Radio-frequency magnetron sputtering deposition process for In2O3:H transparent conductive oxide films for application in Cu(In,Ga)Se2 solar cells

Typical Cu(In,Ga)Se2 solar cells are deposited on an opaque molybdenum back contact. However, for applications such as bifacial, semi-transparent or tandem solar cells a transparent back contact is required, for which various transparent conductive oxides have been tested, such as indium- or fluorine-doped tin oxide, and hydrogen-doped indium oxide. Here, a radio-frequency magnetron sputtering deposition process for In2O3:H (IOH) is investigated, where H is supplied from a Ar/H2 (5%) mixed gas and oxygen is pulsed during the entire deposition at room temperature.

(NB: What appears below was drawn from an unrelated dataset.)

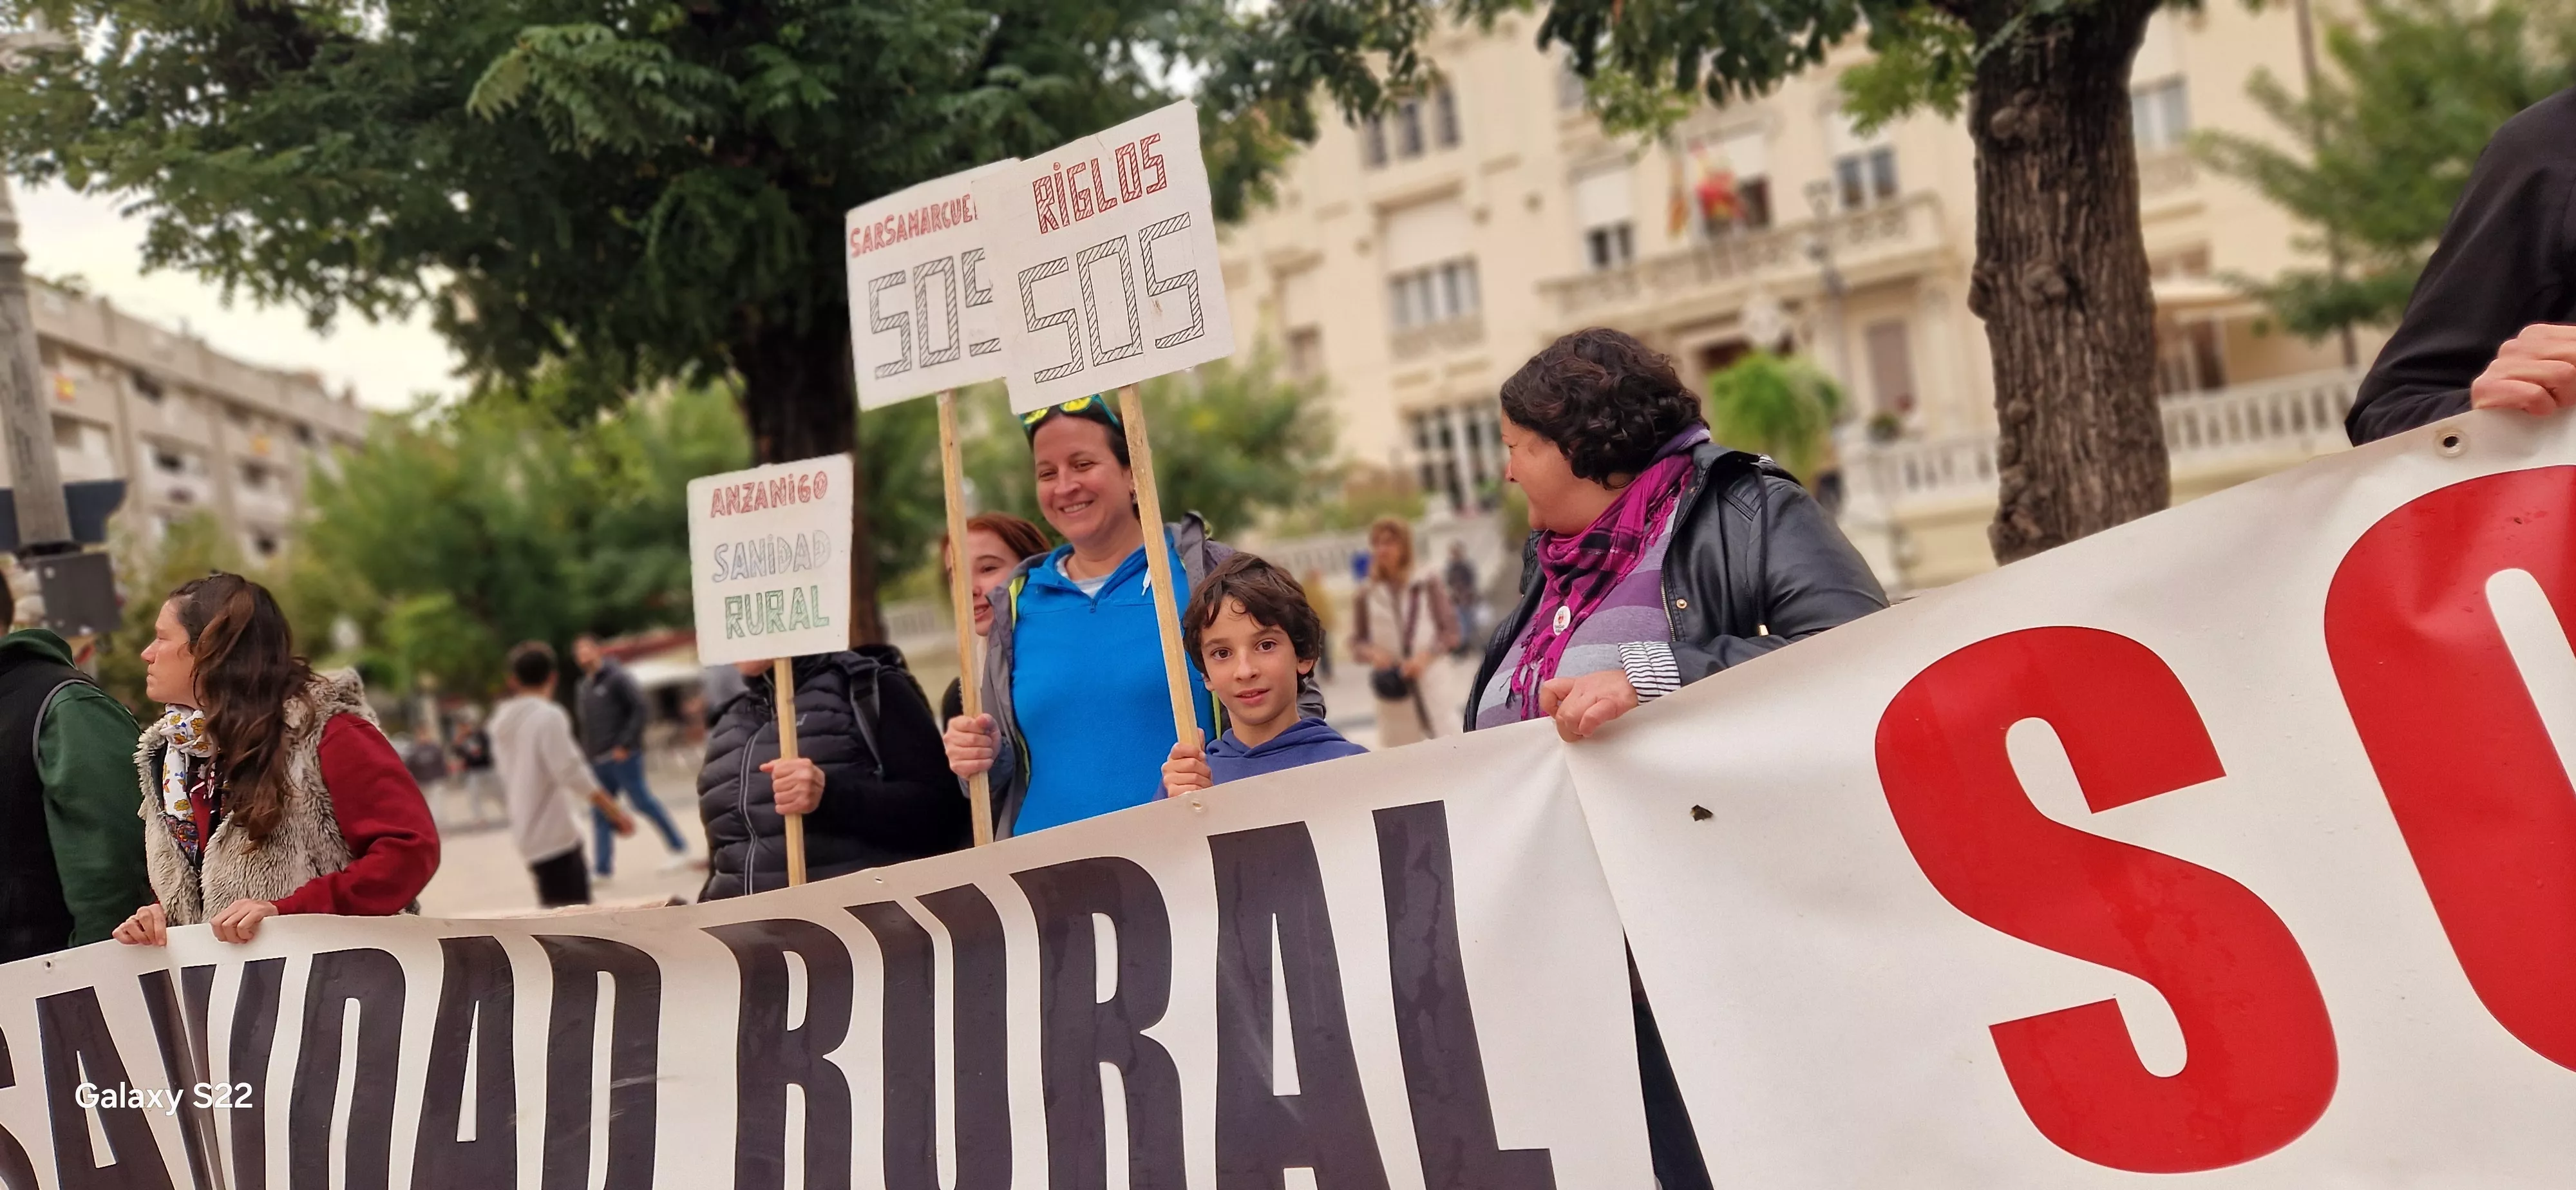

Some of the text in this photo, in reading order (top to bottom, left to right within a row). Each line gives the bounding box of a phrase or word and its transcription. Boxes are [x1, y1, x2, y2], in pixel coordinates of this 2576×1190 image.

[1019, 212, 1204, 384] SOS
[724, 585, 830, 639] RURAL
[700, 800, 1556, 1190] RURAL

After deposition, the films are post-annealed in vacuum to optimize their optoelectronic properties. The oxygen plays an important role for the optoelectronic properties, where a high content of oxygen allows higher transparency but also increases the film sheet resistance. Optimum oxygen and Ar/H2 partial pressures of 3.2 x 10-2 Pa and 13x10-2 Pa, respectively, were found, producing IOH films with average visible transparency of 87% and sheet resistance after annealing of 19 Ohm/sq.

Automated summary

Typical Cu(In,Ga)Se2 solar cells use an opaque molybdenum back contact, but transparent back contacts are needed for applications such as bifacial, semi-transparent or tandem solar cells. Various transparent conductive oxides have been tested, including indium- or fluorine-doped tin oxide and hydrogen-doped indium oxide. This study investigates a radio-frequency magnetron sputtering deposition process for In2O3:H (IOH), where hydrogen is supplied from an Ar/H2 gas and oxygen is pulsed during deposition. Optimum oxygen and Ar/H2 partial pressures are found, resulting in IOH films with high transparency and low sheet resistance after annealing.